By the time he swallows and comes up for air, he’s back ragging on Dana. “She’s angry that they haven’t come through on their promises. She wants me to talk to Tolt. Press him to get the big civil cases. Like he’s gonna turn these over to me. He hates my ass.”

“Why?”

“I don’t know.”

“There must be a reason?”

“Hey, you know me. Even-tempered. Easy-goin’. I get along with everybody. I’m learning how to climb the corporate rungs. You may not believe it, but I’m becoming discreet, diplomatic, political,” he says.

“Lose your knife in somebody’s back, did you?”

“There you go again. This dog’s tryin’ to learn new tricks and you keep running me down.”

“No, I know this dog. He may be calling it a bush but he’s trying to pee on my leg.”

“How can you say that? There’s talk that some of the partners want to put me on the management committee.”

“I take it these are some of the partners whose pictures are on the walls out there in reception with brackets around the dates under their names?”

“I’m serious,” he says.

“I know you’re serious. It’s their mental state I’m worried about. If they’re serious, they’re in the grips of dementia.”

“You think so?”

“Nick, putting you on any committee would be an act of anarchy. The only administrative position for which you’re qualified is emperor, and that would only work in hell and then only if there were bars on the windows.”

He laughs. “Well, they’re thinking about it. Tolt’s the only one standing in the way. From what I hear, half the partners in the firm are ready to walk.” He says it with a little glee as if burning his own place of employment to the ground is his ultimate objective. Nick gets off on blood, especially if it’s somebody else’s.
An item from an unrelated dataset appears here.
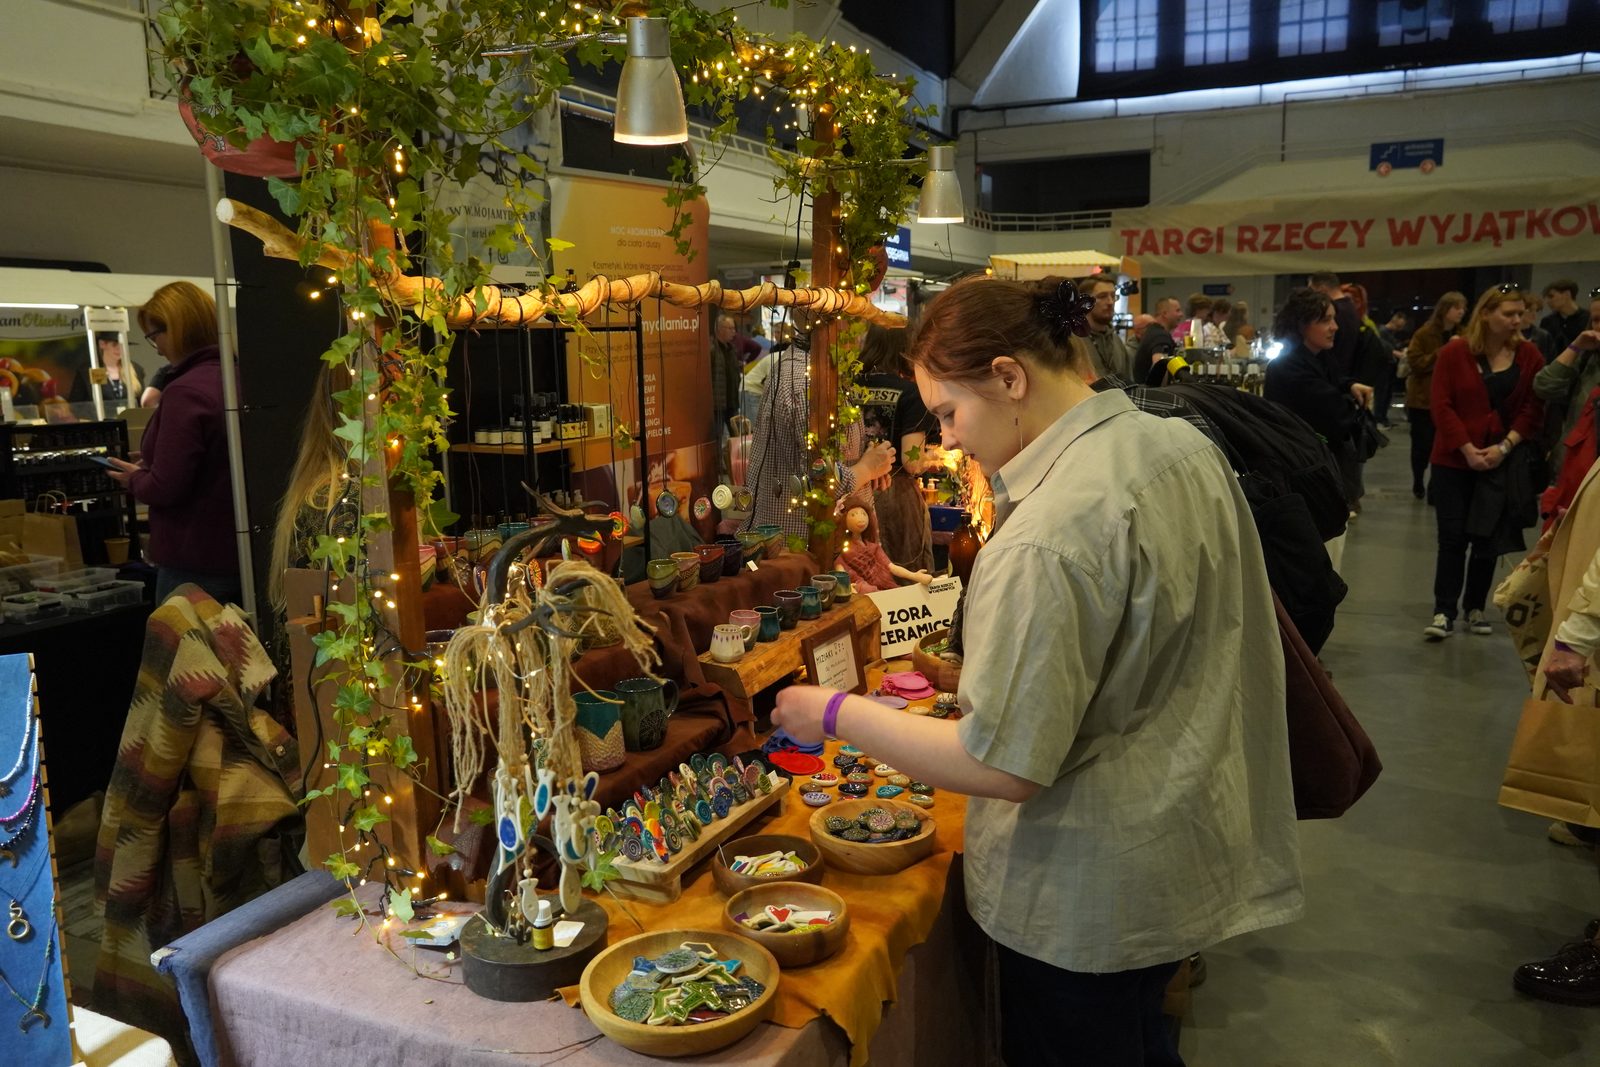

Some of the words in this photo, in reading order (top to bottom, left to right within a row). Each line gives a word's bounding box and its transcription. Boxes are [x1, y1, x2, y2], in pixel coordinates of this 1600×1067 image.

[1120, 227, 1224, 257] TARGI
[1236, 219, 1375, 253] RZECZY
[887, 604, 932, 625] ZORA
“Don’t say you heard it here, but they’re pissed at him.” He’s talking about Tolt. “Rumor is there will be no year-end bonuses. He wants to plough everything into a new branch office in Chicago. They’re already overextended. That’s what happens when you grow too fast,” he says. “I stay here long enough and Tolt starts doing some creative accounting, I might pick him up as a client.”

Nick is having fantasies. Adam Tolt is the firm’s managing partner, for all intents the CEO, Yahweh, the higher power of what is now Nick’s universe. He chairs a management committee, but according to anyone who knows Tolt, he’s the man who makes the decisions. He is on a dozen corporate boards, two of the companies that make up Dow-Jones.
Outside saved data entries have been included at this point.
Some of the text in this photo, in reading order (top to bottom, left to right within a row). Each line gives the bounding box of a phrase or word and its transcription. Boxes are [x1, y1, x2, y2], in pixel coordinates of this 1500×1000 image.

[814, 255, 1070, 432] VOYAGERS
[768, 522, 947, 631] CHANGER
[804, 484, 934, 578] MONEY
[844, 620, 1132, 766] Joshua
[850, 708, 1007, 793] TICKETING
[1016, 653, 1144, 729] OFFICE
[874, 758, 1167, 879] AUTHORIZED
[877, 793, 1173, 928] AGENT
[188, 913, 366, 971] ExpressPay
“So what did you tell Dana?”

“I told her I’m working on it. Have a little patience. Everything comes to those who wait.”

“Is that something else your father told you?”

“Read it on some guy’s toe tag at the morgue. He was sitting on the tracks when a train hit him, and all they could find was his foot.”

I know the story to be true. Coroner’s bedside manner.

“Besides, I’ve got a few irons in the fire.”

“What?”

“Can’t talk about them right now.” With Nick, it’s always the big mystery. The next major coup in his life.